Task item. When you reproduce the entries below, keep each one exact and drop any pictures.
== Entries provided ==
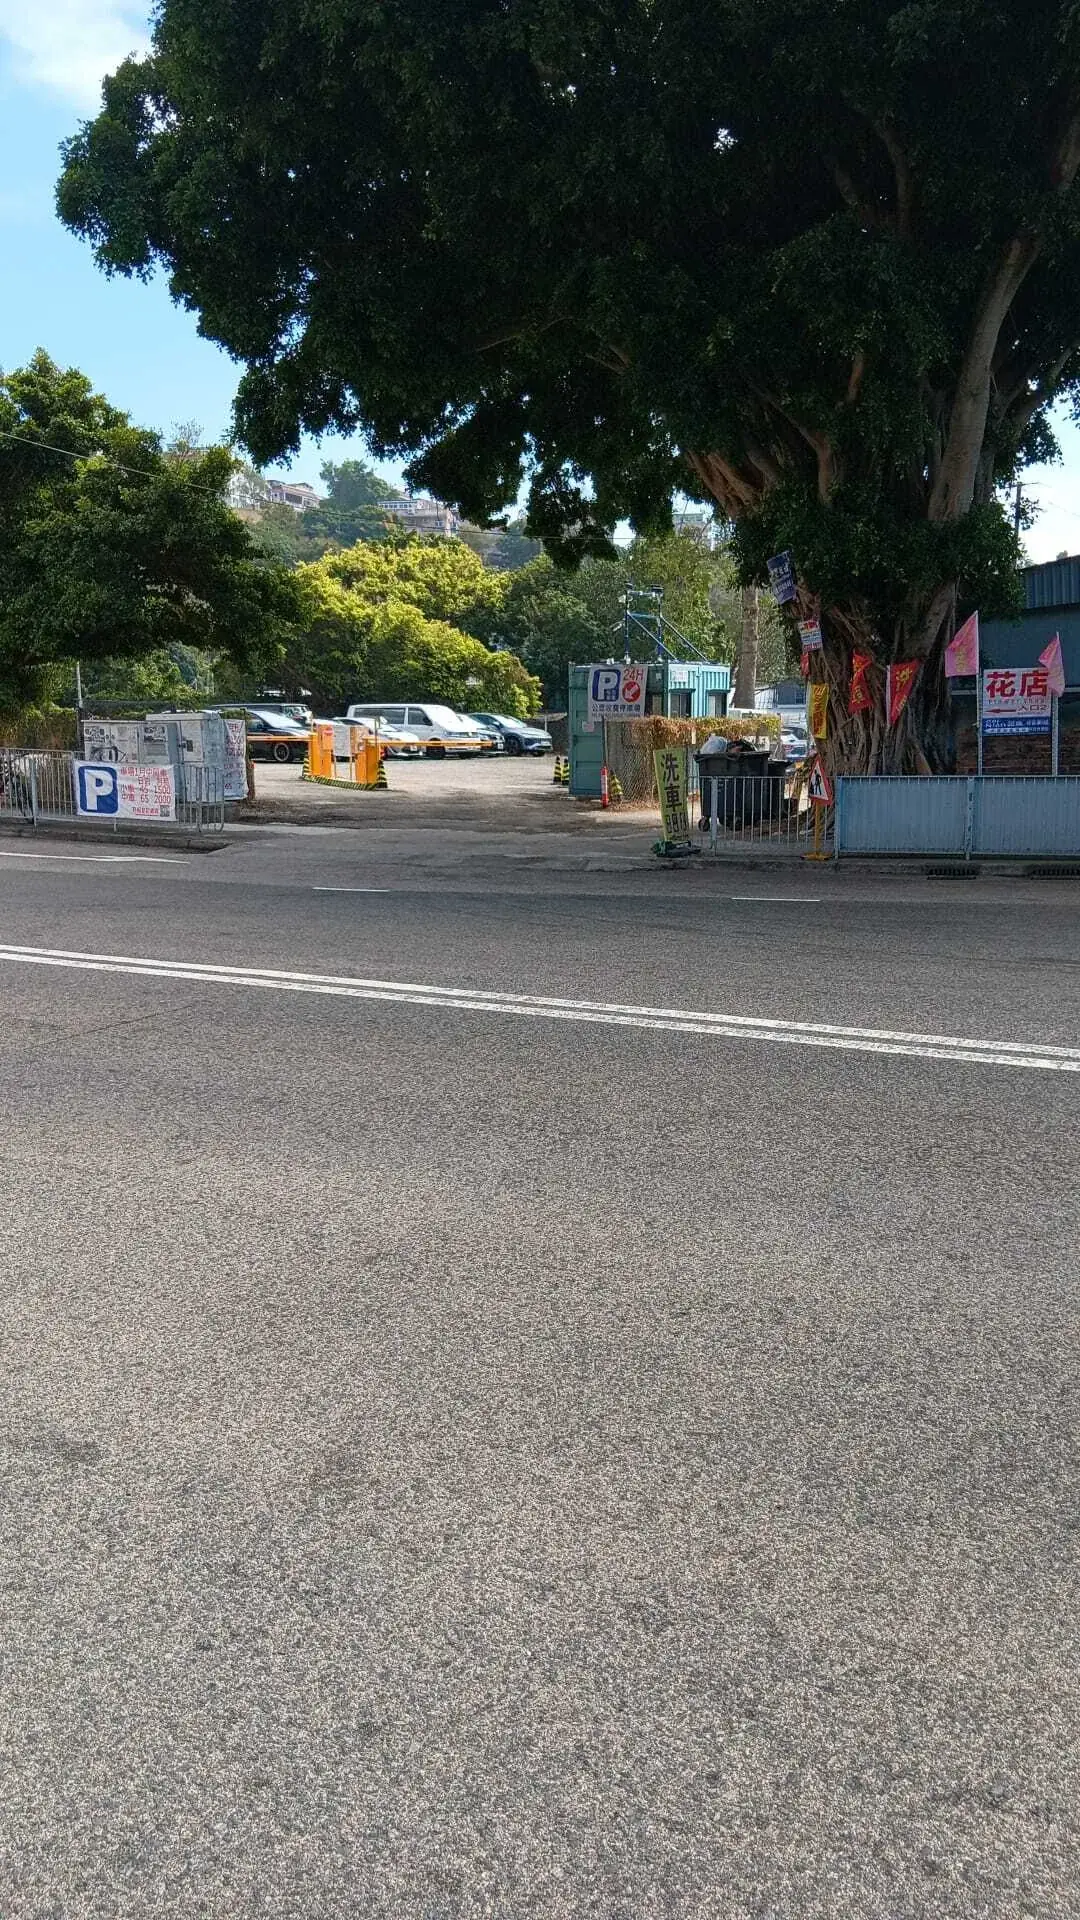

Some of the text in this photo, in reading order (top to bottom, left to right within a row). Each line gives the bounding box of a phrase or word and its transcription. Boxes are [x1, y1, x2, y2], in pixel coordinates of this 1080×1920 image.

[597, 671, 618, 700] P
[623, 668, 644, 680] 24H
[986, 671, 1049, 698] 花店
[84, 768, 114, 811] P
[661, 753, 682, 812] 洗車
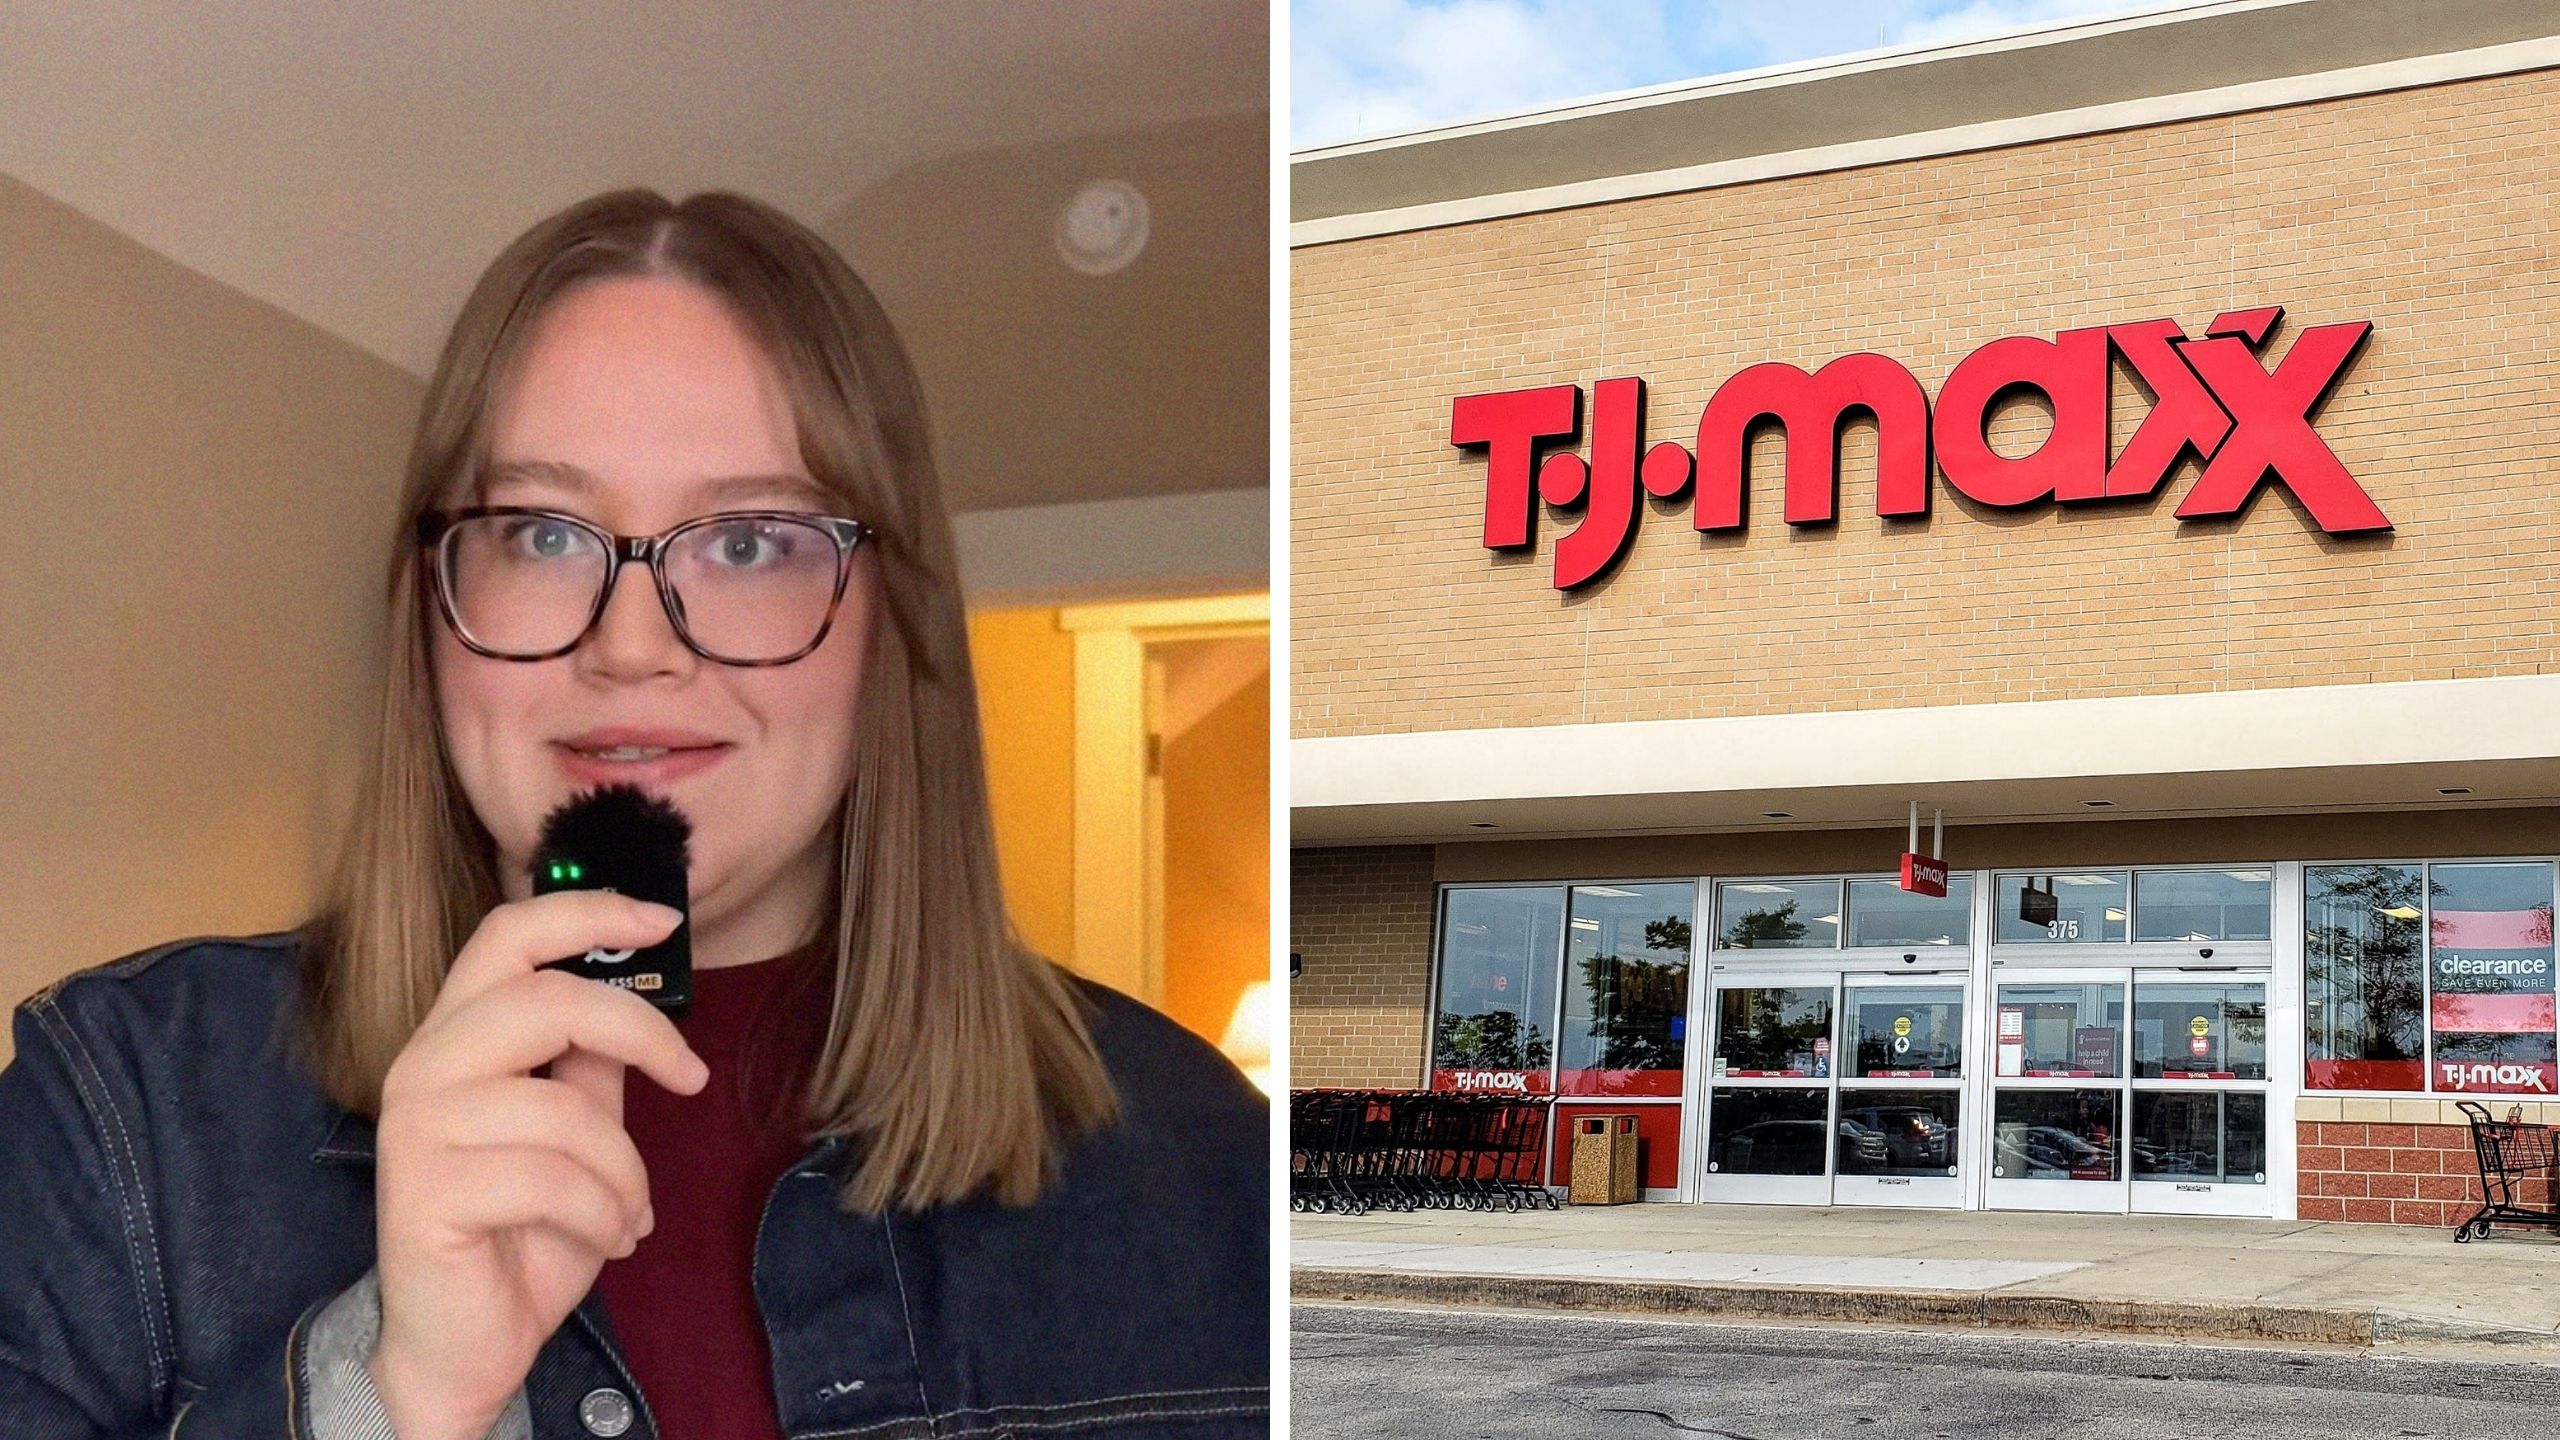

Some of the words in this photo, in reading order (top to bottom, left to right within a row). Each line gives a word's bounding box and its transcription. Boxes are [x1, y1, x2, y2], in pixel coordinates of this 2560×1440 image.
===
Answer for this exercise.
Some of the text in this photo, in reading order (top to bottom, left to right within a row). Each line gives the bounding box of a phrase or word and its transcription. Boxes are [x1, y1, x2, y2], in pixel coordinates of this 1080×1920 image.

[597, 671, 618, 700] P
[623, 668, 644, 680] 24H
[986, 671, 1049, 698] 花店
[84, 768, 114, 811] P
[661, 753, 682, 812] 洗車

Some of the words in this photo, in reading order (top to bottom, left to right within a row). Each line gives a word's bounding box and its transcription. Boxes are [x1, y1, x2, y2], in pixel coordinates of this 2560×1440 image.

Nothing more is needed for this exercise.